Work item → Please retype the records below exactly, leaving out any pictures.

(Entries taken from a collection)
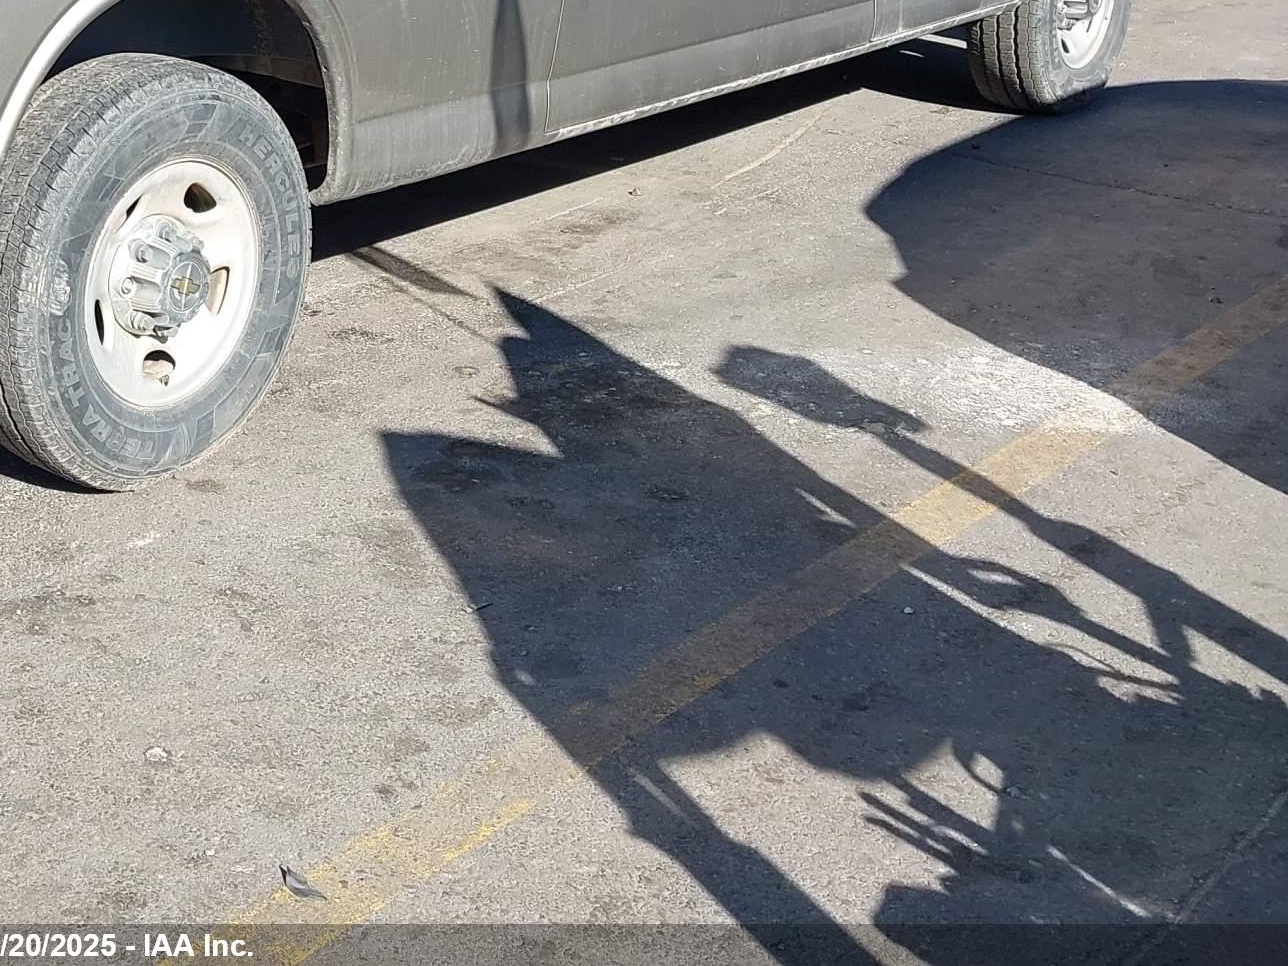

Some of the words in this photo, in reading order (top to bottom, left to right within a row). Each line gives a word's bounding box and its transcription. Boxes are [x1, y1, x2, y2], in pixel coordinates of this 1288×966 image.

[239, 124, 302, 279] HERCULES
[57, 317, 86, 409] TRAC
[82, 403, 154, 460] TERRA
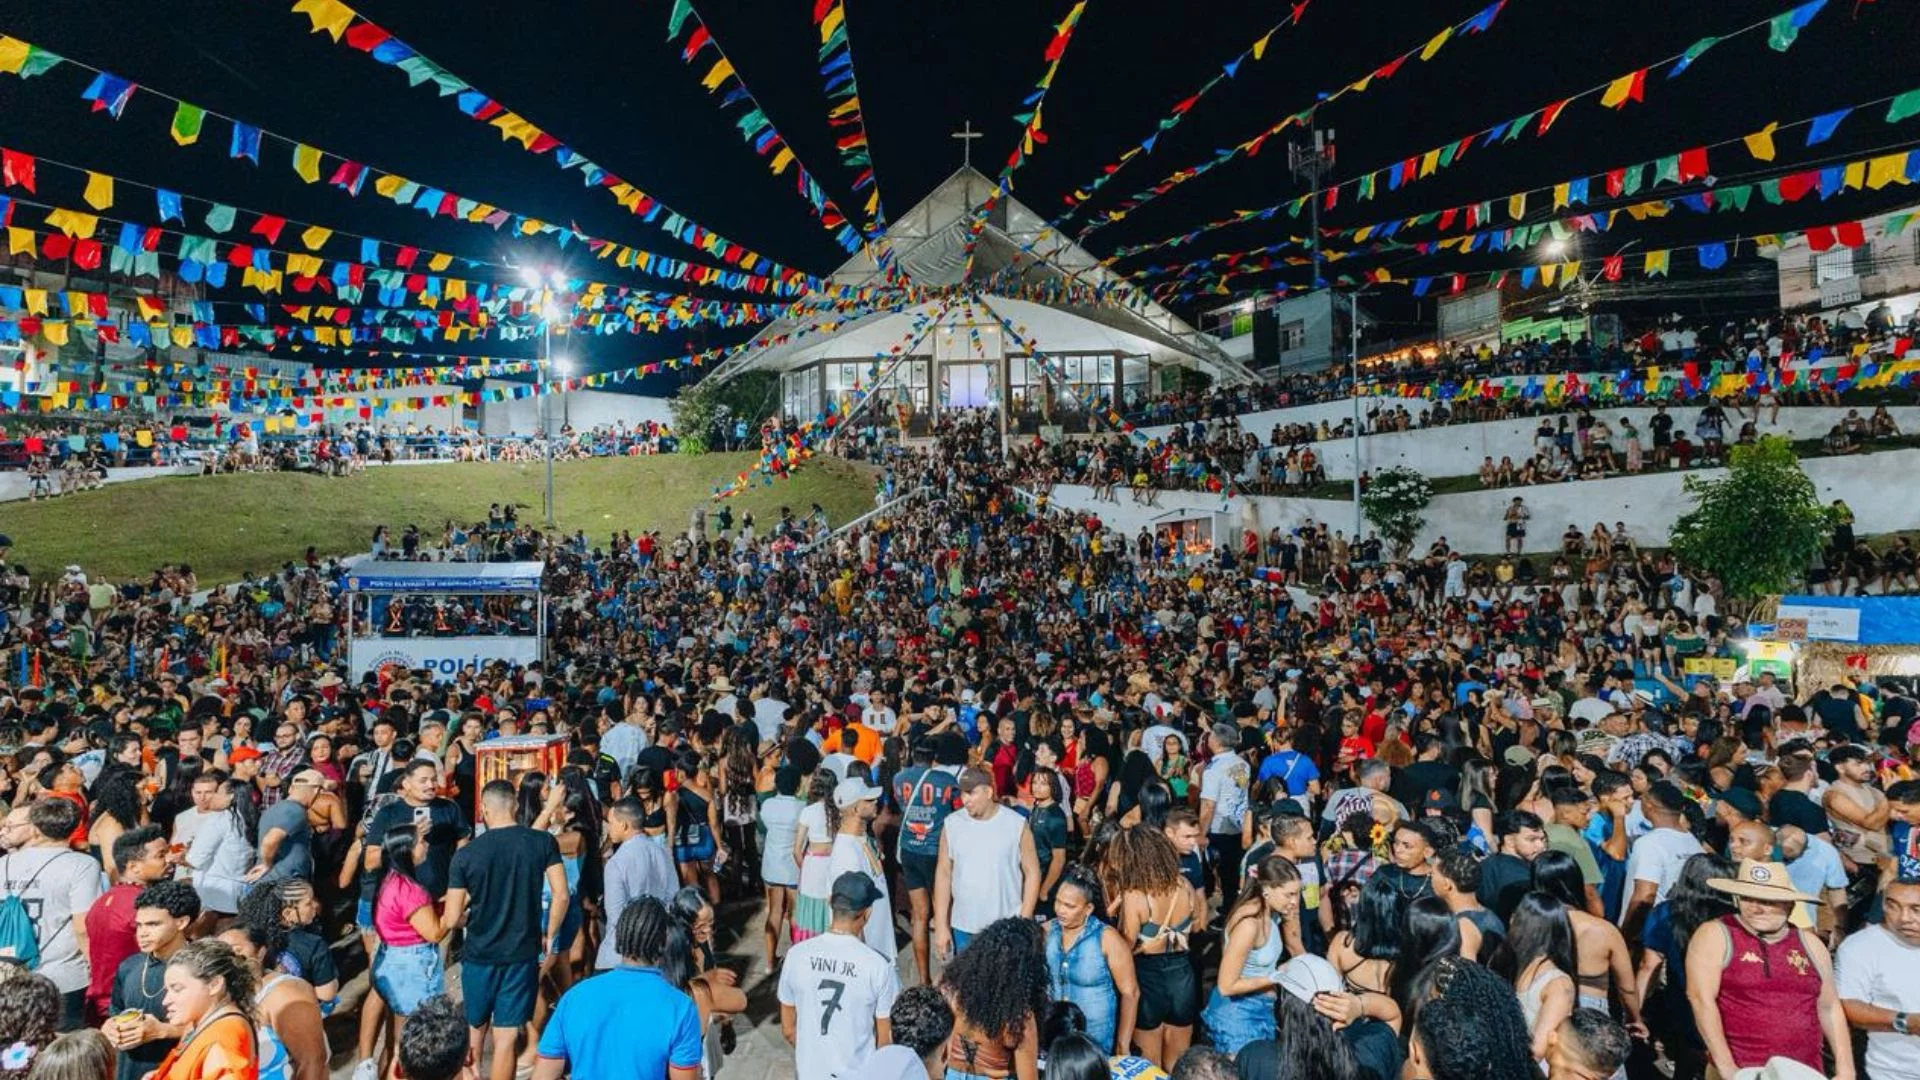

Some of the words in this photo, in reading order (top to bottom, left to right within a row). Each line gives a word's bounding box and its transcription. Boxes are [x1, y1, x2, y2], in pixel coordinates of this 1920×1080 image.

Answer box →
Some of the words in this photo, in reading order (top to bottom, left to right within a row). Each line gives a word's bounding box and its transcription. Boxes are [x1, y1, x2, y2], in pixel coordinates of this 1288×966 image.

[239, 124, 302, 279] HERCULES
[57, 317, 86, 409] TRAC
[82, 403, 154, 460] TERRA

Some of the words in this photo, in reading order (top to bottom, left to right within a row). Each line gives a word's bounding box and its transcription. Boxes are [x1, y1, x2, y2], in pixel coordinates of this 1920×1080 image.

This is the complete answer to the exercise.